Örgüt, Myanmar Ordusunu cinsel şiddet, işkence, insanları zorla yerinden etme ve toplulukları kaçmaya zorlamak için pazarları ve tarım arazilerini yakmakla suçluyor.
Raporda "Bu suçlar, uluslararası hukuka göre insanlğa karşı suç işlenmesi anlamına geliyor" ifadeleri yer alıyor.
Af Örgütü ayrıca, ordunun polis noktalarına saldırıdan önce bu operasyona hazırlandığına dair kanıtları olduğunu savunuyor.
Rapor, Myanmar ve Bangladeş'te yapılan 400'den fazla görüşme, uydu fotoğrafları, adli tıp incelemeleri ve gizli askeri belgelere dayanılarak hazırlandı.

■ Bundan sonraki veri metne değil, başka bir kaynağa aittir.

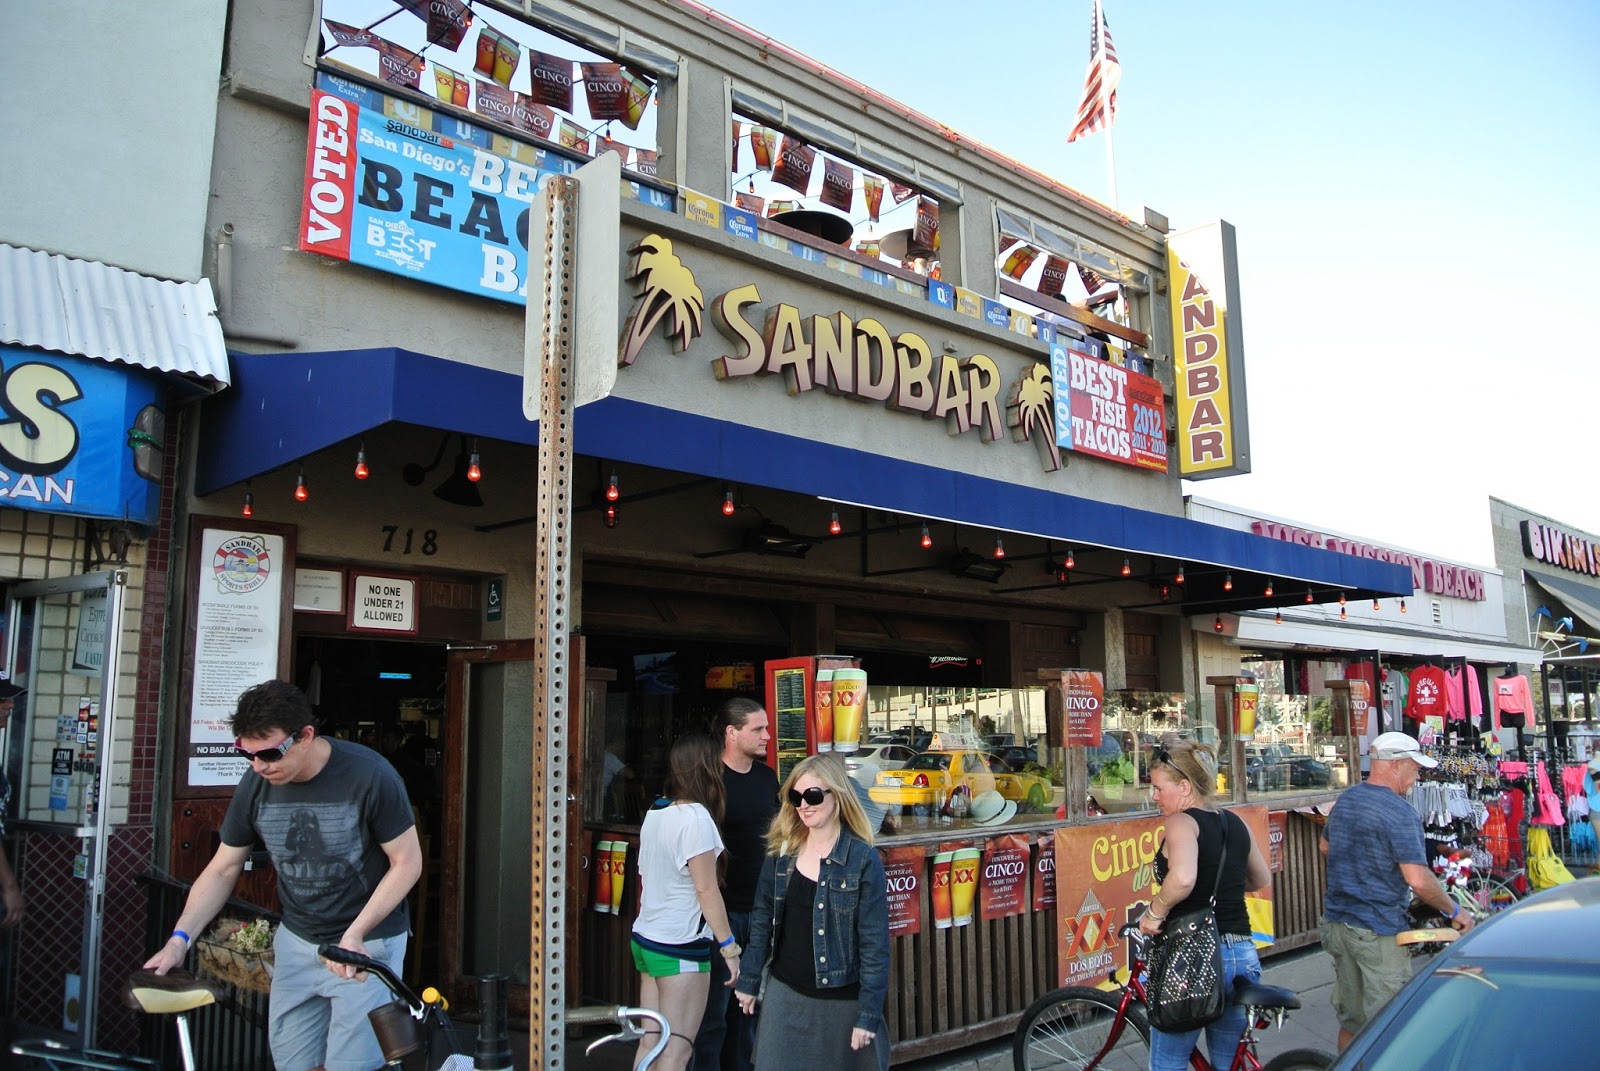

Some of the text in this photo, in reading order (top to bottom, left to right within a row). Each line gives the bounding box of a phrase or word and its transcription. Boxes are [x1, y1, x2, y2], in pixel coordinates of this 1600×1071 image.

Af Örgütü, 13 üst düzey komutanın en büyük sorumluluğa sahip olduğunu ve Uluslararası Ceza Mahkemesi'nde yargılanmaları gerektiğini söylüyor.
Listede, Genelkurmay Başkanı Min Aung Hlaing ve geçen hafta görevden alınan Maung Maung Soe de yer alıyor.
Raporda ayrıca, belirli olaylarda kritik roller oynadığı söylenen daha al düzeydeki komutanlar da bulunuyor.
Myanmar Uluslararası Ceza Mahkemesi'ne üye olmadığından, mahkemeyle işbirliği yapmak zorunda değil.
Davayı mahkemeye taşımak için BM Güvenlik Konseyi'nin beş daimi üyesinin de onayı gerekiyor ve daimi üyelerden Çin bu zamana dek Myanmar hükümetinin krizdeki tavrına destek oldu.
Dolayısıyla, Myanmarlı komutanların yargılanması çok düşük bir ihtimal.